■ WHAT YOU SHOULD DO:
Only the pictures are to be left out; return the rest of the data exactly as it stands.

■ SOURCE DATA:

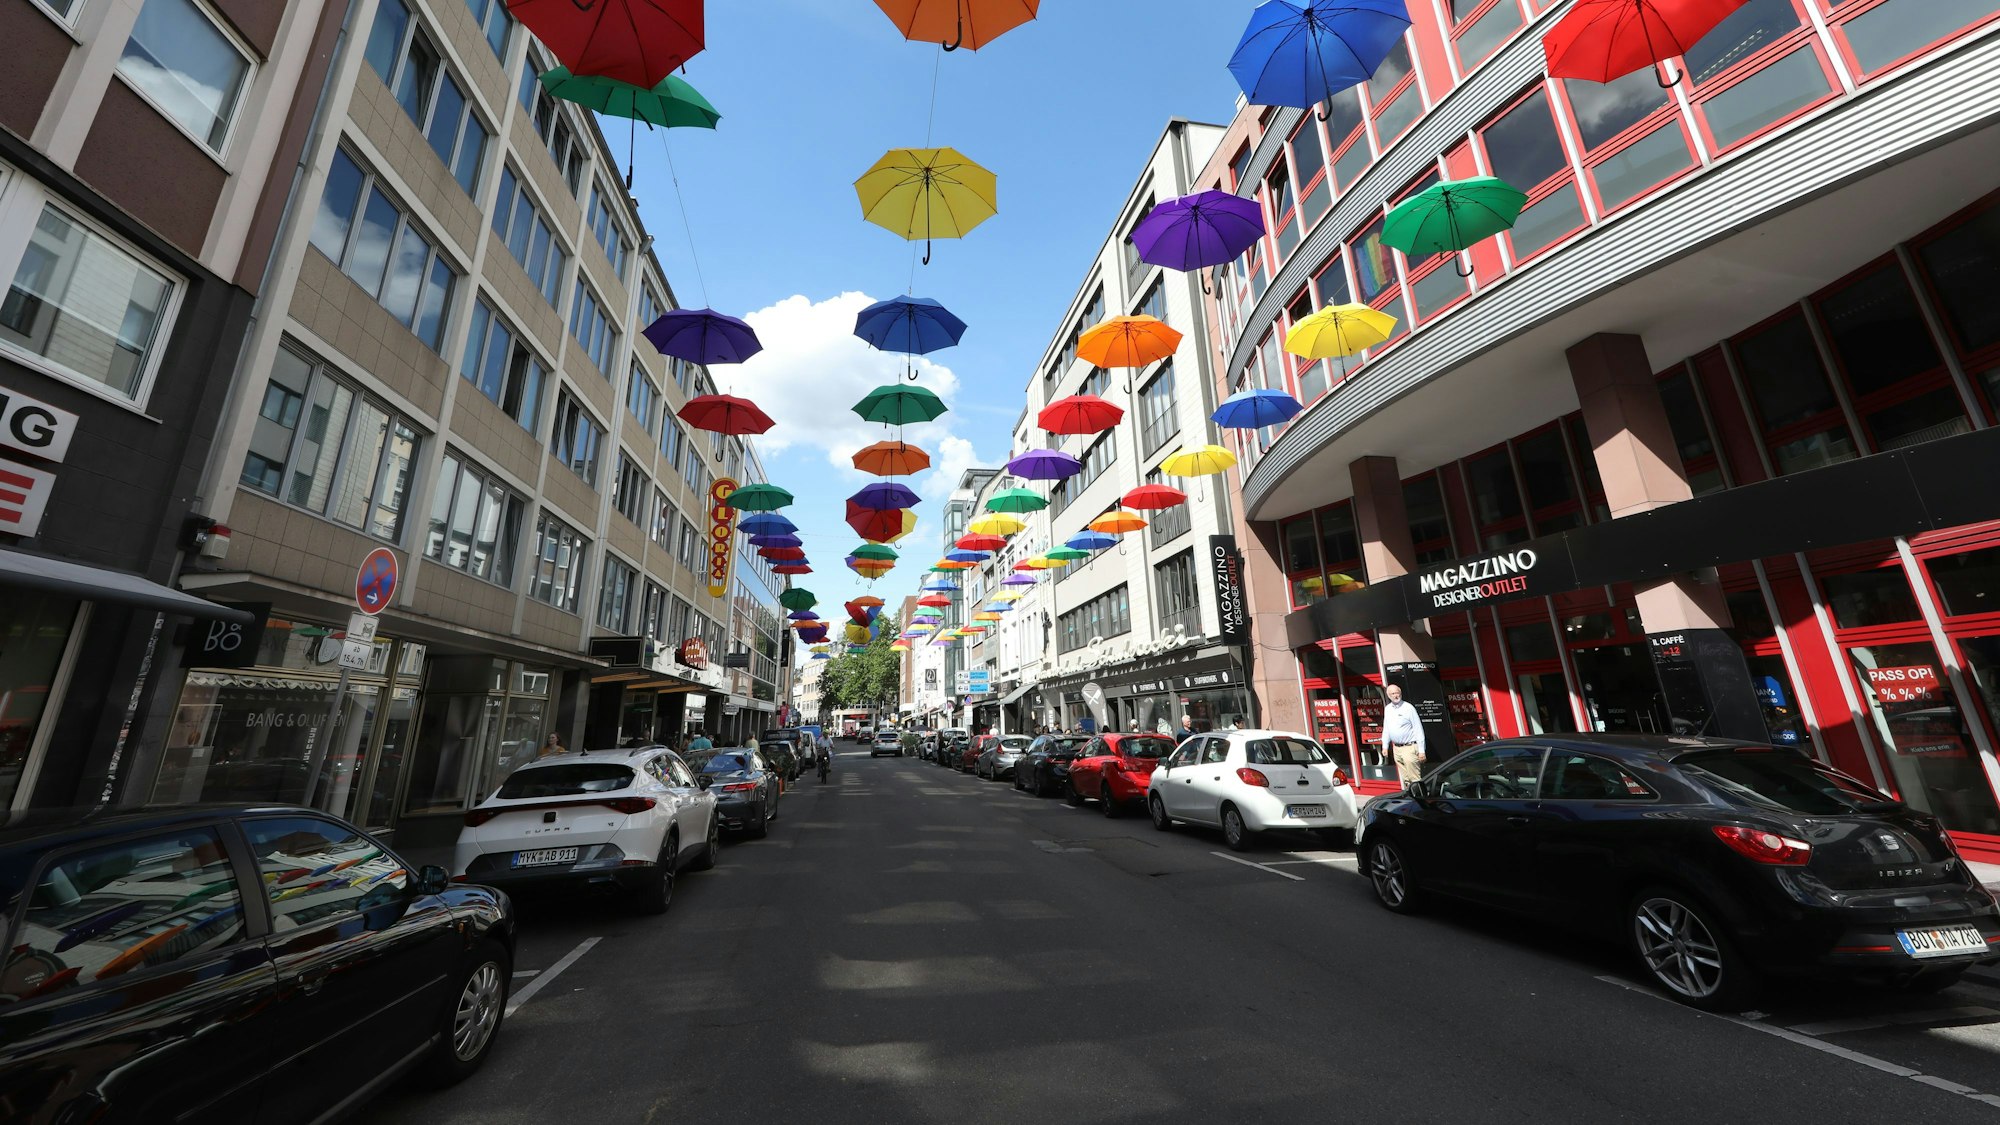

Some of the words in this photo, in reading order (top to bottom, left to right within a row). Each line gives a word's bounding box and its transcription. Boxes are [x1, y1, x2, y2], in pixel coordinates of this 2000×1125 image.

[714, 484, 733, 577] GLORIA
[1420, 549, 1536, 594] MAGAZZINO
[1215, 546, 1235, 634] MAGAZZINO
[1869, 671, 1905, 682] PASS
[1908, 668, 1934, 680] OP!
[246, 713, 284, 727] BANG
[287, 713, 295, 727] &
[297, 713, 347, 728] OLUFEN
[519, 851, 538, 863] MYK
[544, 850, 557, 861] AB
[559, 849, 577, 860] 911
[1879, 868, 1922, 877] IBIZA
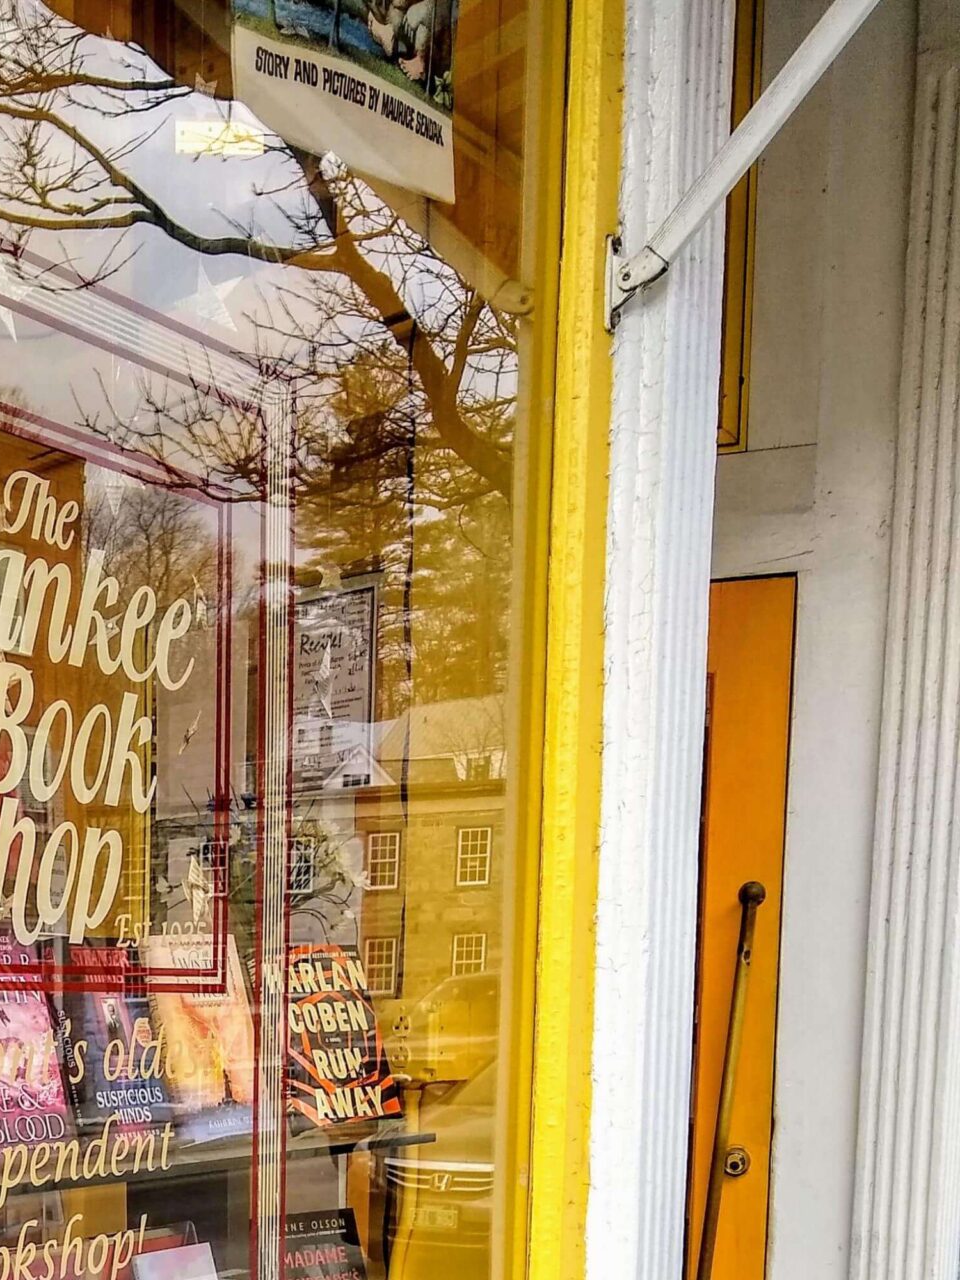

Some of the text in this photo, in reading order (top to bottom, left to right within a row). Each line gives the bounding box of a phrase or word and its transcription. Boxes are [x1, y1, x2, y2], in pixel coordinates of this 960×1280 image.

■ ANSWER FOR THE TASK:
Some of the words in this photo, in reading order (top to bottom, left to right within a row). Each line gives a word's bounding box and its transcription. Boxes are [x1, y1, x2, y2], in pixel coordinates of this 2000×1125 image.

[714, 484, 733, 577] GLORIA
[1420, 549, 1536, 594] MAGAZZINO
[1215, 546, 1235, 634] MAGAZZINO
[1869, 671, 1905, 682] PASS
[1908, 668, 1934, 680] OP!
[246, 713, 284, 727] BANG
[287, 713, 295, 727] &
[297, 713, 347, 728] OLUFEN
[519, 851, 538, 863] MYK
[544, 850, 557, 861] AB
[559, 849, 577, 860] 911
[1879, 868, 1922, 877] IBIZA

Some of the text in this photo, in reading order (top to bottom, left to right within a row). Each line gives the bounding box of a phrase or word and its transcription. Boxes are [x1, y1, x2, y2], in pixel coordinates of this 960×1280 image.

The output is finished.